Lebanon and Richmond in the same district?
An imperfect 6th in return for a better 8th and 9th is something I have no problems with in the broader scheme of things.

Your southwest district runs from Evansville to west of Lafayette. People on that Tippecanoe County line: "we either vote with Gary or we vote with Evansville".
Those counties have nowhere else to go. IN-01's shape cannot be seriously changed.
It makes the most sense for IN-08 to take those counties in, unless maybe there is a radical reworking of rural Indiana that moves IN-06 west so that IN-08 has to take from IN-09 and then IN-09 takes from IN-06 so that all three districts are back at quota.

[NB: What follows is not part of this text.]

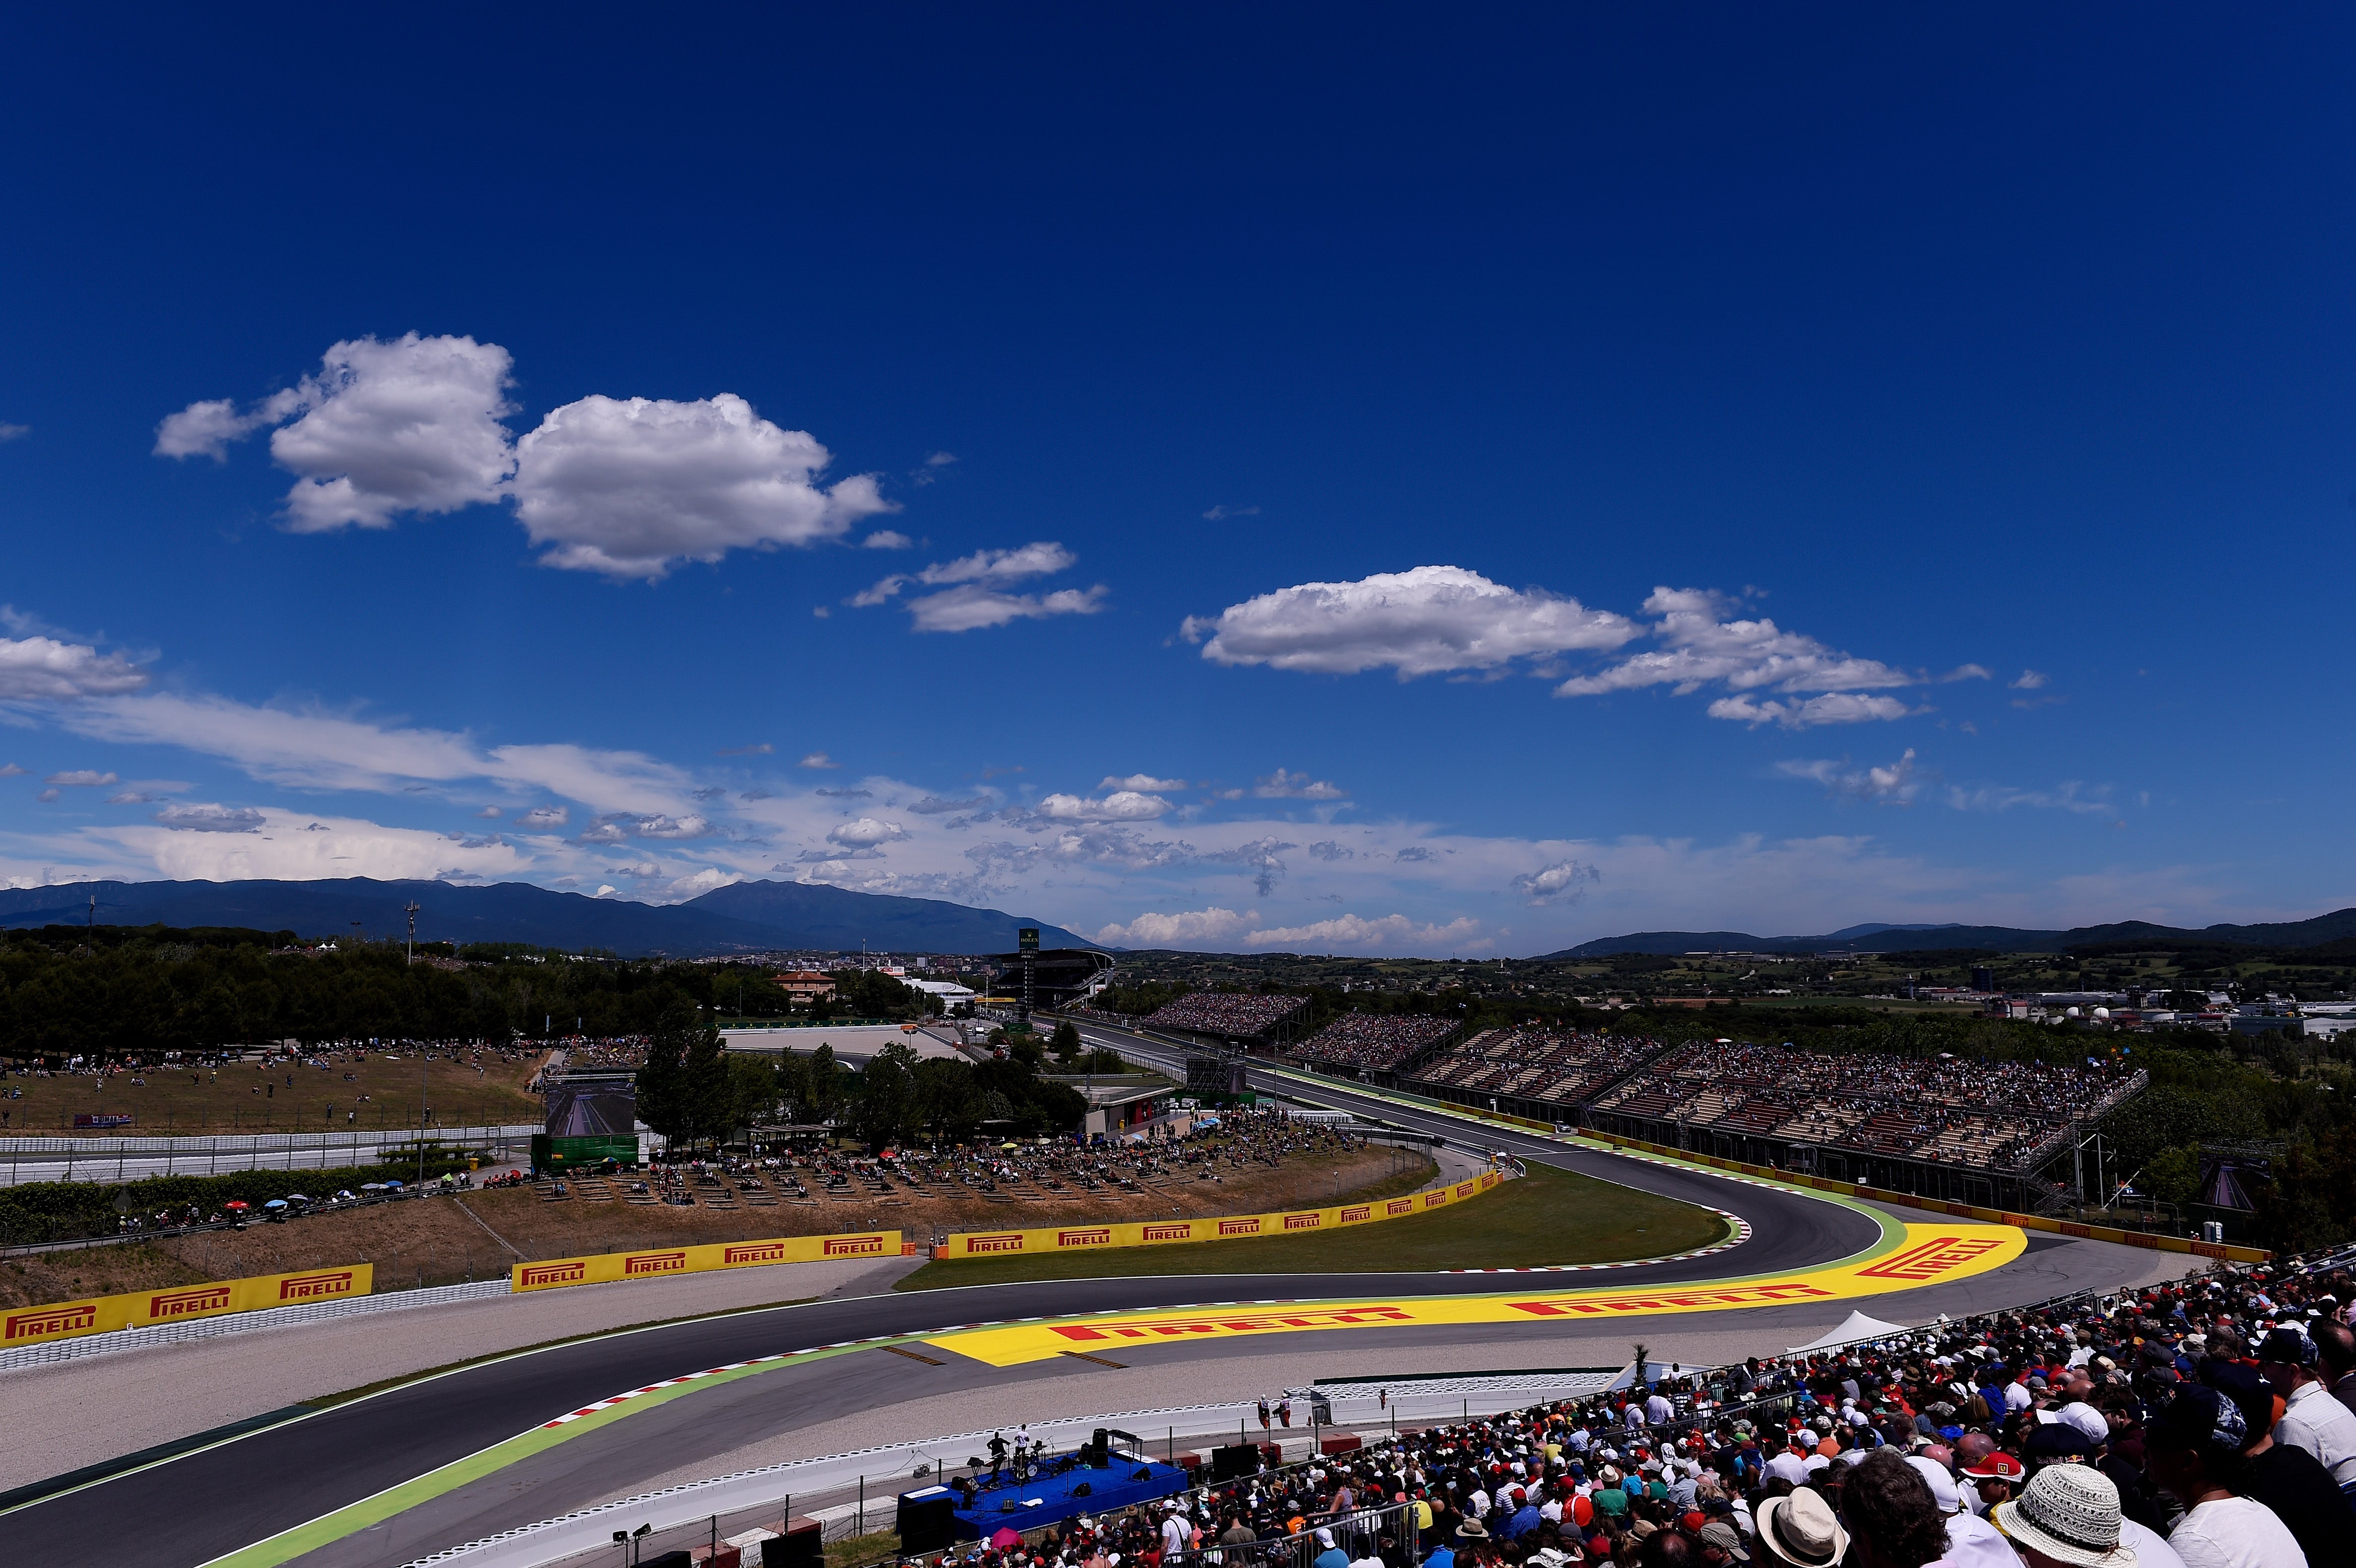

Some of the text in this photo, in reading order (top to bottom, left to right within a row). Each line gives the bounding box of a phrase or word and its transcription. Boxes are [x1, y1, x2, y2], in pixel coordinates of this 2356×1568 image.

I'm actually on a political redistricting panel for Indiana that is going to make requests for changes for "this is how districts should be drawn" which will then drive the creation of our map for Congress and state legislature using those principles. I quietly have a lot of criticism for this section of the board because it seems to solely exist just to satisfy people's intellectual masturbation to create a result from a puzzle of in the case of Indiana "divide by 9, now make a map". If people had an overriding purpose guiding them in what they were doing or they were attempting reform in what they were doing or they actually were lobbying for what they create, that's one thing, but unless everyone is staying quiet on the ultimate masters they serve that could use what they create, I have to ask the question of why? What's the goal here unless it's just to show off your mapmaking skills? I can create a map probably where for a district I go from Angola in the northeast corner to Evansville in the southwest corner just following the Ohio and Kentucky state borders, but what would be the point of doing so? We're not looking at results whereby you crunch data to understand voting patterns and why people and communities voted the way they did. We're drawing lines for no rhyme or reason.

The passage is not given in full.